La “pillola rossa” propone una lettura cinica, disincantata e pessimista – a tratti complottista – della realtà , portata avanti segnatamente da quanti si definiscono, o vengono definiti, celibi involontari, incel (anche questa una categoria nata nell’ambito nordamericano); essa contrasta la visione da “pillola blu” (termini mutuati dal film Matrix, con una vaga ispirazione platonica), che è quella delle apparenze, del perbenismo, della finzione, del romanticismo da riviste patinate, dei media asserviti, e che riguarda tutta la società , non solo la questione del rapporto uomo-donna. Eppure, nei vari ambienti redpillati, tale faccenda assume un’importanza centrale, sproporzionata, forse viziata dal risentimento e dalla frustrazione di chi si sente escluso dal mercato sessuale e sentimentale.

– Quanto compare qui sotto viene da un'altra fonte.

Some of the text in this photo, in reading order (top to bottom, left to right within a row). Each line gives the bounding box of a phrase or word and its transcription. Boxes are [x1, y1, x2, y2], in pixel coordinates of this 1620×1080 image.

La redpill condanna risolutamente il femminismo, e su questo non possiamo che essere d’accordo. Il femminismo è un cancro progressista, un veleno da estirpare, ed è una delle cagioni della disgregazione di famiglia, comunità , nazione, e della morte della tradizione e del patriarcato. Sembra, tuttavia, che gli incel diffondano tesi misogine, e anche questo rischia di disgregare ulteriormente la comunità , scatenando inutili guerre tra sessi (che sono solo due, ricordiamolo). Capiamoci: la portata dell’odio verso il genere femminile dei celibi involontari, o dei “brutti”, non è paragonabile all’astio femminista nei confronti degli uomini, infatti gli incel non fanno alcun danno concreto. Almeno in Europa.

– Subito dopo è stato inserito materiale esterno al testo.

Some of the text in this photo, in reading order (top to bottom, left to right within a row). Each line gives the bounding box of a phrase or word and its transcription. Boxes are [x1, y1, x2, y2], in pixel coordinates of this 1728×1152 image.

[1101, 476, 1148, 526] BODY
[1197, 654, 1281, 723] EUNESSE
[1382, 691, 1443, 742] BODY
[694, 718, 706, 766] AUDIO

Oltreoceano si sono macchiati di stragi, ma l’America, si sa, è la patria della follia e della stupidità , al di là di colori politici, ideologici, sociali. Il vero rischio della pillola rossa è quello di esacerbare gli animi e di diffondere disfattismo, per quanto, sovente, le teorie redpillate sappiano descrivere con realismo la condizione di uomini e donne occidentali contemporanei. Innegabile che la martellante campagna femminista, unita a quella liberal e antifascista, cominciata negli anni ’60 del secolo scorso, abbia fatto danni incalcolabili nelle menti delle donne europee: troppo spesso la figura femminile si fa veicolo di sovversione valoriale centrata su relativismo, edonismo, consumismo e materialismo, con ricadute nefaste sulla stessa natalità , il tutto in nome di capricci e pretese di eterne principesse Disney. Ma, fortunatamente, esistono ancora femmine sane e integre, dotate di coscienza patriottica, perciò non si può generalizzare colpendo indiscriminatamente il gentil sesso bianco, componente fondamentale della società .

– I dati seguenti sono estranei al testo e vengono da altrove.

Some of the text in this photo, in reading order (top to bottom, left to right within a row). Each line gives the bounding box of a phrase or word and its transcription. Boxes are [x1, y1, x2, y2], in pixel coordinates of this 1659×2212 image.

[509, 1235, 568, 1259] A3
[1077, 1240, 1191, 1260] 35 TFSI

È vero, convincere le donne di essere uguali agli uomini, anche a livello sessuale, ha comportato inevitabilmente l’aumento di separazioni, divorzi, aborti e, si capisce, il calo demografico. La sedicente emancipazione sessuale ha indotto le ragazze a credere di poter fare le dongiovanni in gonnella, fino a 40 anni, ritardando così la maternità , con rischi per la salute del figlio (unico). Sempre che lo abbiano. Il femminismo vede la maternità come una zavorra patriarcale, ovviamente se si tratta di europei. Se la questione riguarda il terzo/quarto mondo, nessun problema: non solo gli extra-europidi possono far figli come conigli, ma anche emigrare in massa verso l’Europa, andando così a sostituire i vecchi e sterili nativi. La soluzione a questo sfacelo, ciononostante, non sta nella misoginia, nel risentimento di chi va in bianco da una vita, nel rancore del “caso umano”: sta nel recupero di identità e tradizione, che non passa soltanto per il rinsavimento della femmina, ma pure nella ritrovata virilità del maschio, oggi sempre più in crisi, poiché le donne senza guida non possono far altro che tralignare.